The licensee calculated area factors for surface soil and structural surfaces based on the industrial worker scenario. For surface soils, area factors for the industrial farmer scenario were computed by running the RESRAD computer code repeatedly with changing areas of contamination as well as the parameter describing the length parallel to aquifer flow which affects the area of contamination. Area factors were computed for six radionuclides detected in soil at the site. The area factors for these radionuclides are listed in Table 6-15 of the LTP.
RESRAD-BUILD Version 3.22 was used to compute area factors for the building occupancy scenario for four of the 26 site-specific radionuclides. A total of eight radionuclides were discounted because they were not present above analytical minimum detectable activity levels.

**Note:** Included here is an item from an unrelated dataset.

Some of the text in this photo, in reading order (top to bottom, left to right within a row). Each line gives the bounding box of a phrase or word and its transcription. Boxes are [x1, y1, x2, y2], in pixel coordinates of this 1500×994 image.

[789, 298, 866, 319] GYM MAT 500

Area factors were derived for the principal gamma emitting radionuclides which includes Co-60, Cs-134, and Cs-137. Area factors for Sr-90 was calculated only to demonstrate that the area factors were conservatively bounded by the area factors for the principle gamma emitting radionuclides. For calculating area factors for the building occupancy scenario, the area of the source was varied from 137 m2 to 0.5 m2. The area factors for the building occupancy scenario are listed in Table 6-18 of the LTP.
Staff independently verified area factors using RESRAD Version 6.22 for the industrial worker scenario and RESRAD-BUILD Version 3.3 for the building occupancy scenario and found no discrepancies. Maintaining consistency between the derivation of the base-case DCGLs and DCGLEMC values gives reasonable assurance that doses from exposure to smaller areas with elevated residual radioactivity would not exceed the dose limit. The area factors will be used for class 1 areas at the site.

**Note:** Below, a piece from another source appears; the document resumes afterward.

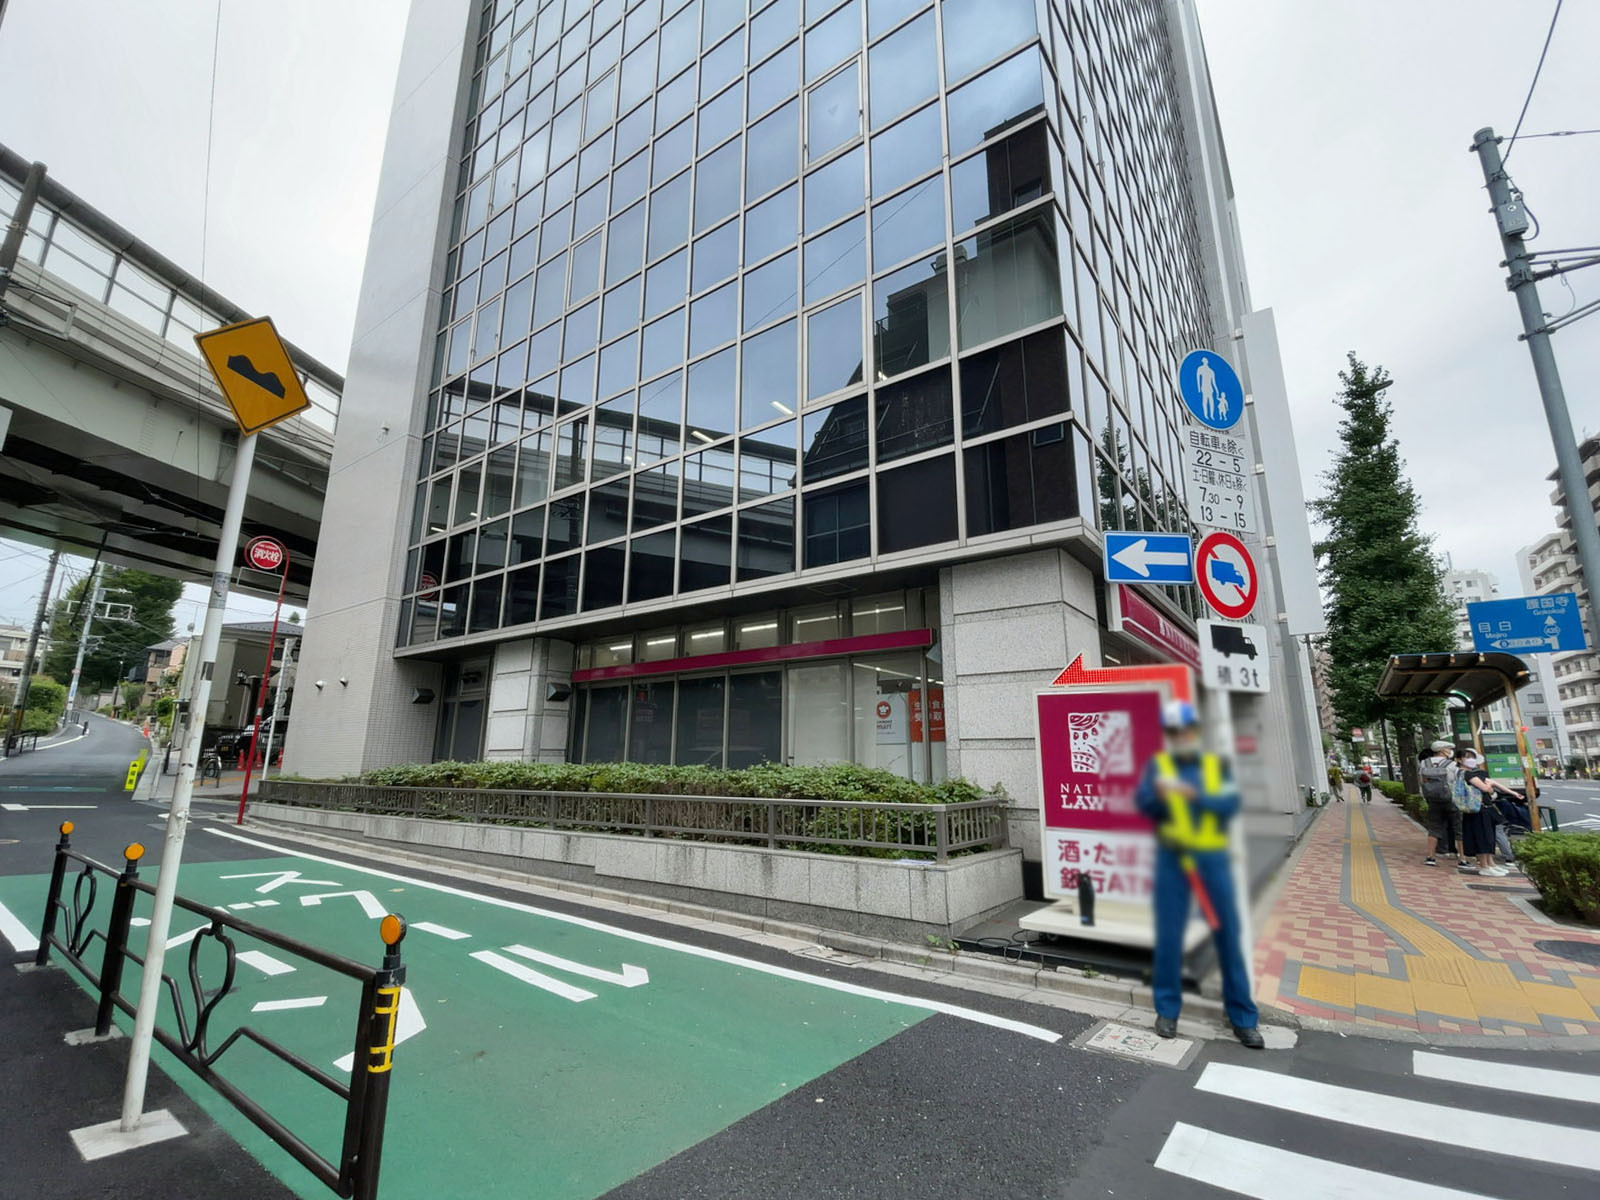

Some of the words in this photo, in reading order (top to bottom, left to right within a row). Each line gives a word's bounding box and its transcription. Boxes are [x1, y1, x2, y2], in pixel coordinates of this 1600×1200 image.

[1189, 430, 1244, 456] 自転車を除く
[254, 547, 279, 562] 消火栓
[1060, 867, 1154, 894] 銀行AT

2.5.7 Alternate Exposure Scenarios For the Rancho Seco site, the industrial worker scenario was considered the mostly likely scenario for license termination. However, the licensee investigated the dose impacts from two alternative scenarios: 1) a resident farmer scenario and 2) a cattle grazing scenario by an offsite member of the public.
2.5.7.1 Resident Farmer Alternate Exposure Scenario The licensee selected RESRAD Version 6.22 as the mathematical model to calculate the potential dose to a resident farmer. The residential farming scenario in general assumes light farming activities resulting in continuous exposure to residual radioactivity remaining at the site via multiple exposure pathways. Potential exposure pathways considered include direct external exposure from residual radioactivity in soil material, internal exposure from inhalation of airborne radionuclides, and internal exposure from ingestion of (1) plant foods grown in the soil with residual radioactivity and irrigated with contaminated water, (2) meat and milk from livestock fed with contaminated fodder and water, (3) drinking water from a contaminated well, (4) fish from a contaminated pond, and (5) soil with residual radioactivity.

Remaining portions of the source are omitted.